• Task goal:
Copy down every line of the data that follows exactly. Omit the pictures.

Source records
══════════

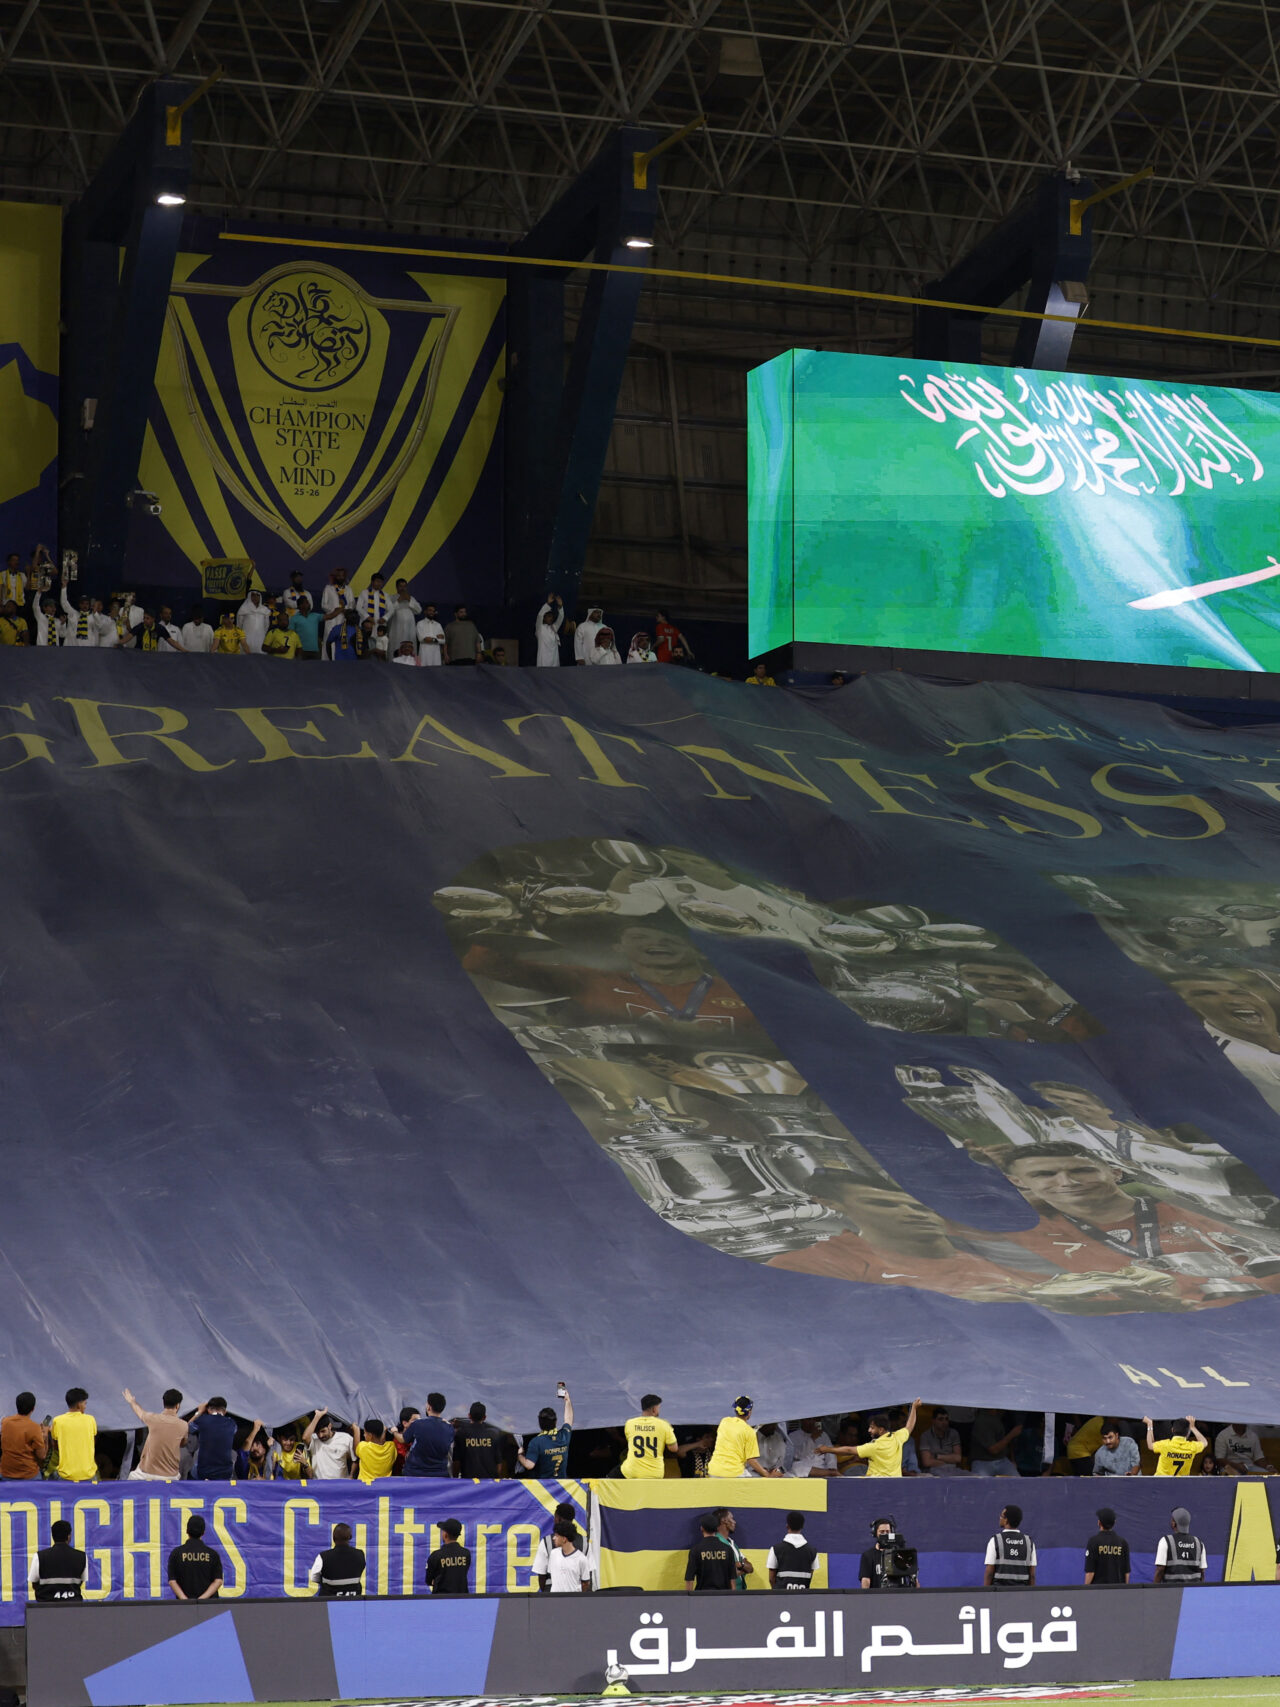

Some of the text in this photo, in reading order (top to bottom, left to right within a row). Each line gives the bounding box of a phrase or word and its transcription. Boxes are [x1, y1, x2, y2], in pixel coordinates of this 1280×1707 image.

[249, 406, 366, 431] CHAMPION
[275, 428, 340, 449] STATE
[293, 448, 323, 467] OF
[279, 466, 336, 487] MIND
[1115, 1362, 1250, 1389] ALL
[465, 1437, 492, 1448] POLICE
[632, 1434, 658, 1459] 94
[1166, 1451, 1193, 1460] RONALDO
[551, 1454, 564, 1478] 7
[1172, 1460, 1186, 1476] 7
[282, 1495, 542, 1599] Culture
[1005, 1537, 1024, 1546] Guard
[1177, 1540, 1195, 1549] Guard
[181, 1551, 210, 1563] POLICE
[700, 1550, 727, 1562] POLICE
[1009, 1548, 1019, 1557] 86
[1098, 1545, 1122, 1556] POLICE
[1180, 1550, 1190, 1560] 41
[440, 1555, 468, 1569] POLICE
[606, 1605, 1078, 1677] قوائم الفرق

══════════

• Result:
Some of the text in this photo, in reading order (top to bottom, left to right within a row). Each line gives the bounding box of a phrase or word and its transcription. Boxes are [x1, y1, x2, y2], in pixel coordinates of this 1280×1707 image.

[249, 406, 366, 431] CHAMPION
[275, 428, 340, 449] STATE
[293, 448, 323, 467] OF
[279, 466, 336, 487] MIND
[1115, 1362, 1250, 1389] ALL
[465, 1437, 492, 1448] POLICE
[632, 1434, 658, 1459] 94
[1166, 1451, 1193, 1460] RONALDO
[551, 1454, 564, 1478] 7
[1172, 1460, 1186, 1476] 7
[282, 1495, 542, 1599] Culture
[1005, 1537, 1024, 1546] Guard
[1177, 1540, 1195, 1549] Guard
[181, 1551, 210, 1563] POLICE
[700, 1550, 727, 1562] POLICE
[1009, 1548, 1019, 1557] 86
[1098, 1545, 1122, 1556] POLICE
[1180, 1550, 1190, 1560] 41
[440, 1555, 468, 1569] POLICE
[606, 1605, 1078, 1677] قوائم الفرق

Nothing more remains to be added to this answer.